Saved entries
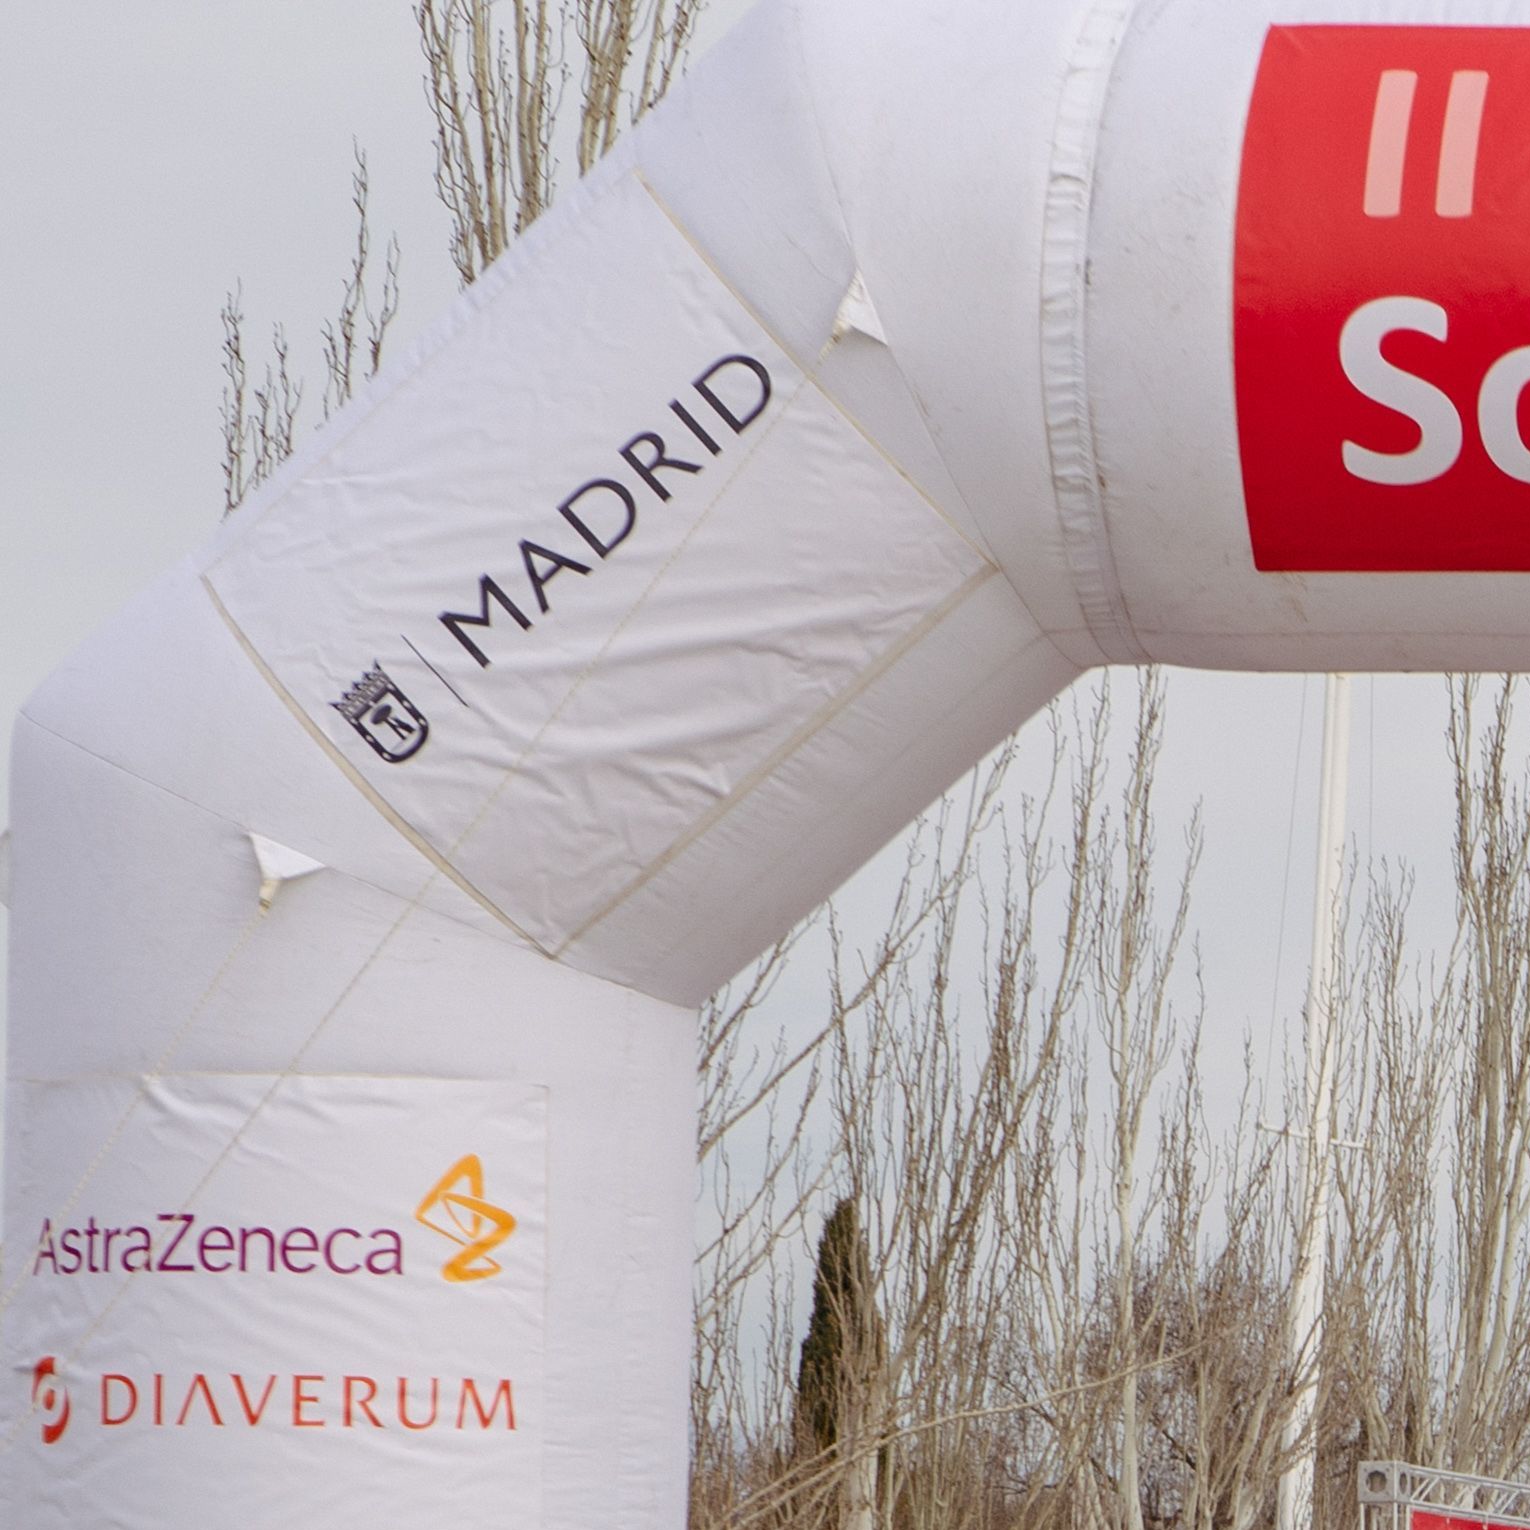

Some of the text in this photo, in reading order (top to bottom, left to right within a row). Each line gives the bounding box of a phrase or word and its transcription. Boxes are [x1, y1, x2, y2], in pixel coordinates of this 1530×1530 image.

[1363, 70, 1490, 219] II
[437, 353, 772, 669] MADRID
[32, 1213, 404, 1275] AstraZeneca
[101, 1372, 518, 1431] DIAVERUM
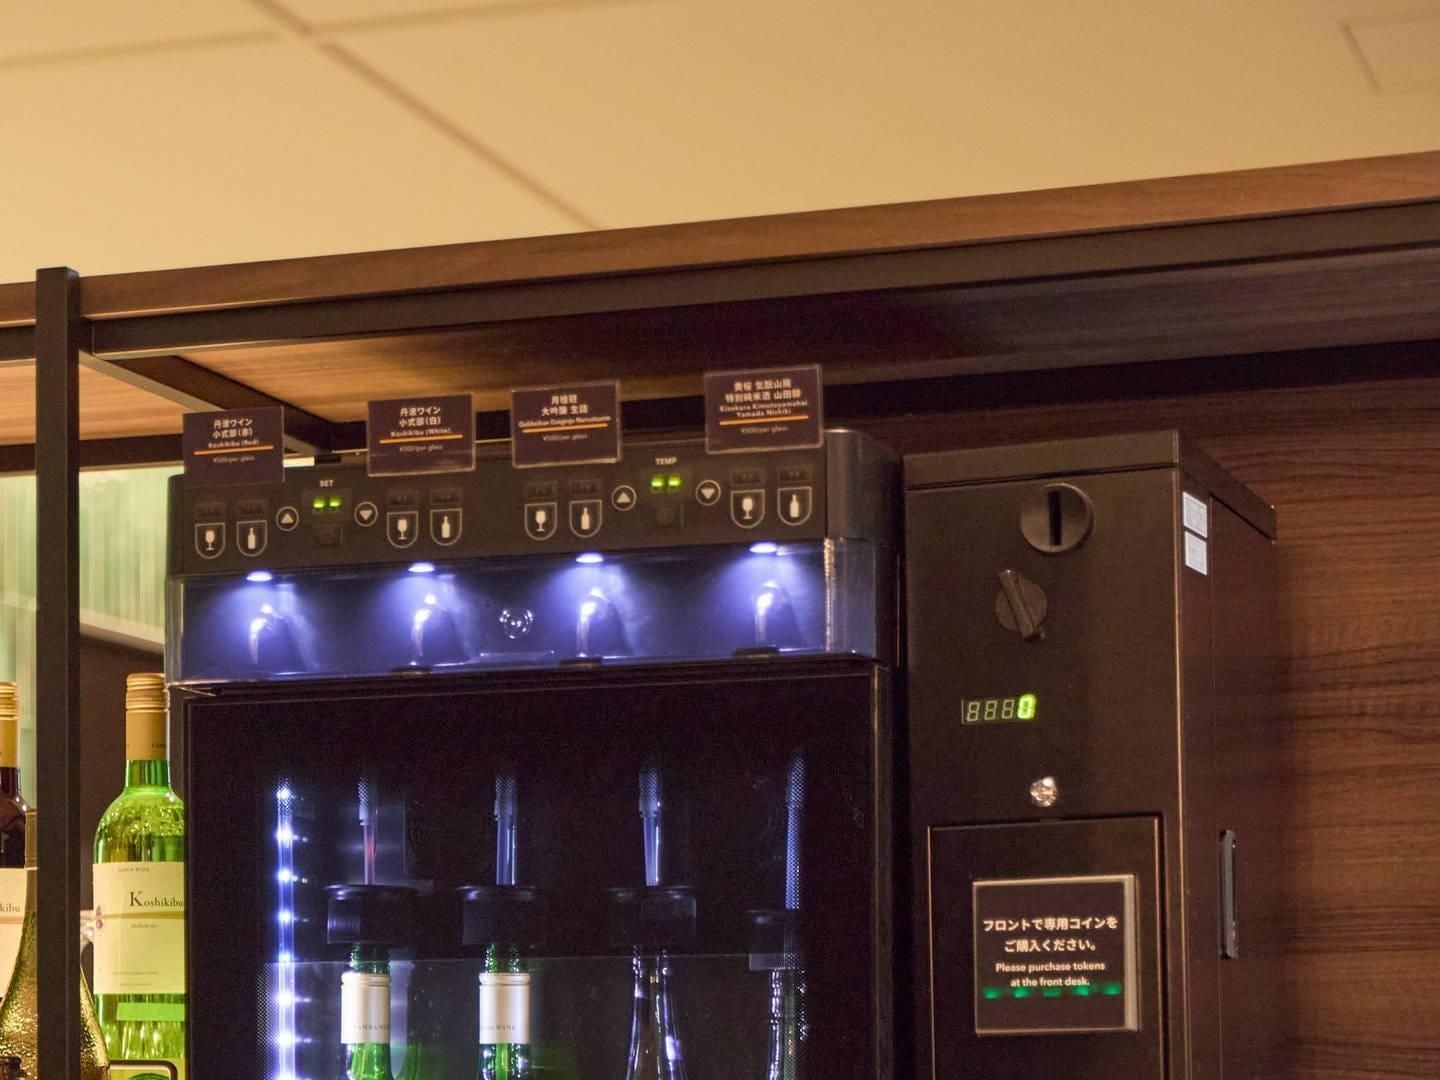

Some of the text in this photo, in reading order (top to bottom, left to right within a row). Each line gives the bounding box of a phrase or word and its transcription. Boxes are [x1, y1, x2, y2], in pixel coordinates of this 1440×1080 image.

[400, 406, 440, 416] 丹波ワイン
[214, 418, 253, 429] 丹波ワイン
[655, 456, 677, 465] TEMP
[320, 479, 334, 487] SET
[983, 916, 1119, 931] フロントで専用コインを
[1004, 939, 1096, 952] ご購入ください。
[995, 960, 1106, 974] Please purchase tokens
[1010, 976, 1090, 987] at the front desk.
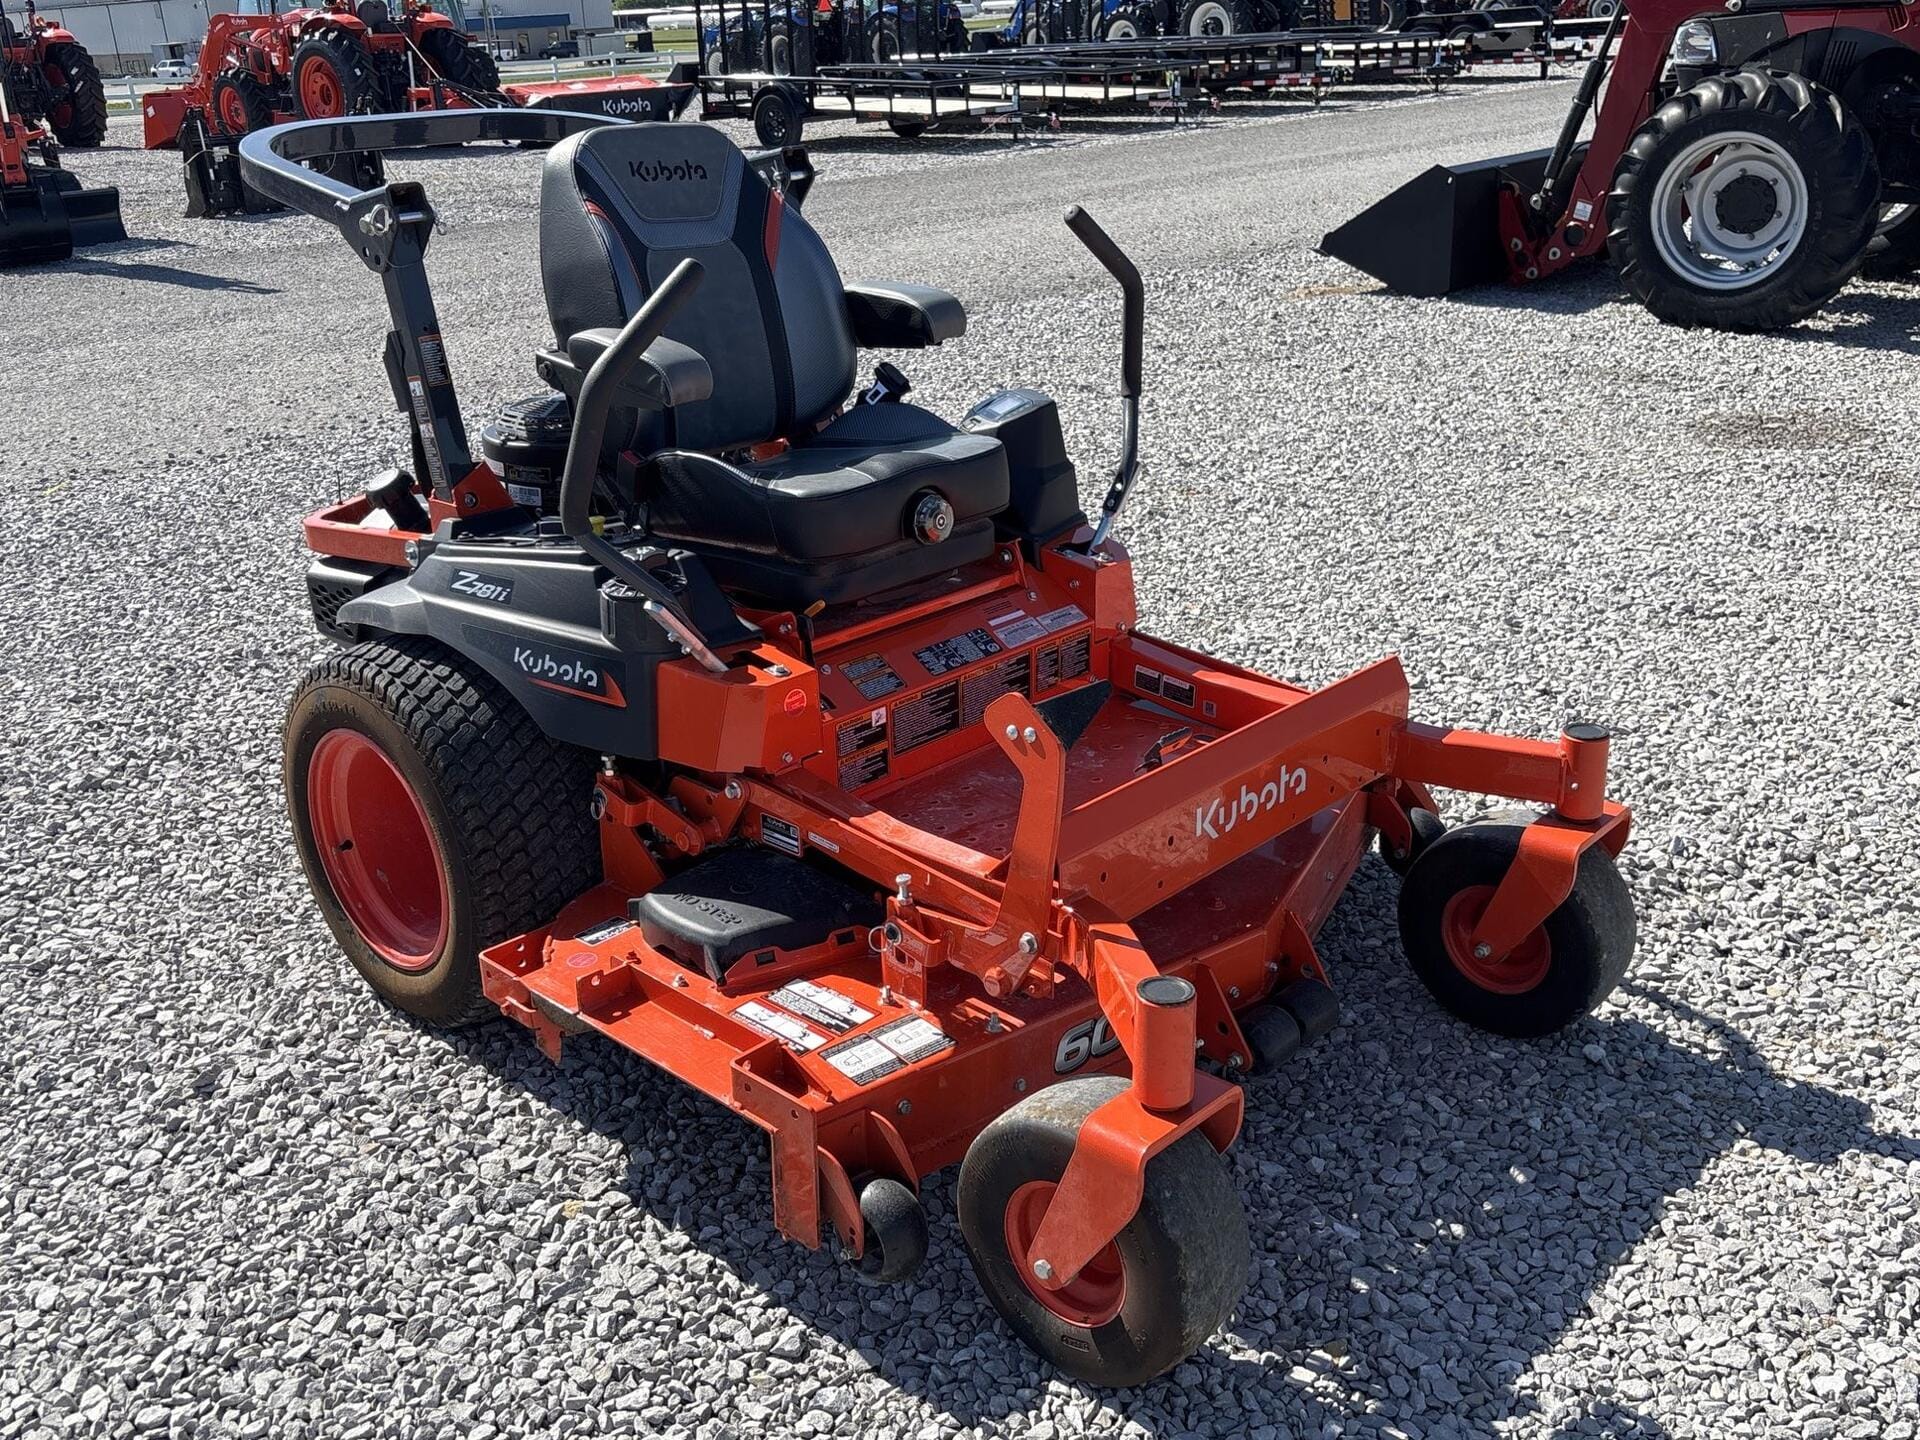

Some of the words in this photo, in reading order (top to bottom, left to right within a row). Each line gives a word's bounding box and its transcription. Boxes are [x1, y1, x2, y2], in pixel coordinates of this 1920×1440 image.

[WORK TASK]: Restating the data word for word is the task, and pictures are to be omitted.

[EXERCISE RESPONSE]:
Some of the text in this photo, in reading order (top to bottom, left to right within a row). Each line gives the bounding box of a phrase or word and its transcription. Boxes are [x1, y1, x2, y2], in pixel coordinates of this 1530×1530 image.

[1363, 70, 1490, 219] II
[437, 353, 772, 669] MADRID
[32, 1213, 404, 1275] AstraZeneca
[101, 1372, 518, 1431] DIAVERUM

Some of the text in this photo, in reading order (top to bottom, left to right within a row). Each line gives the bounding box of a phrase or word and its transcription. Boxes are [x1, y1, x2, y2], in pixel coordinates of this 1440×1080 image.

[400, 406, 440, 416] 丹波ワイン
[214, 418, 253, 429] 丹波ワイン
[655, 456, 677, 465] TEMP
[320, 479, 334, 487] SET
[983, 916, 1119, 931] フロントで専用コインを
[1004, 939, 1096, 952] ご購入ください。
[995, 960, 1106, 974] Please purchase tokens
[1010, 976, 1090, 987] at the front desk.

Some of the words in this photo, in reading order (top to bottom, left to right within a row). Each line gives a word's bounding box and its transcription. Boxes are [x1, y1, x2, y2], in pixel coordinates of this 1920×1440 image.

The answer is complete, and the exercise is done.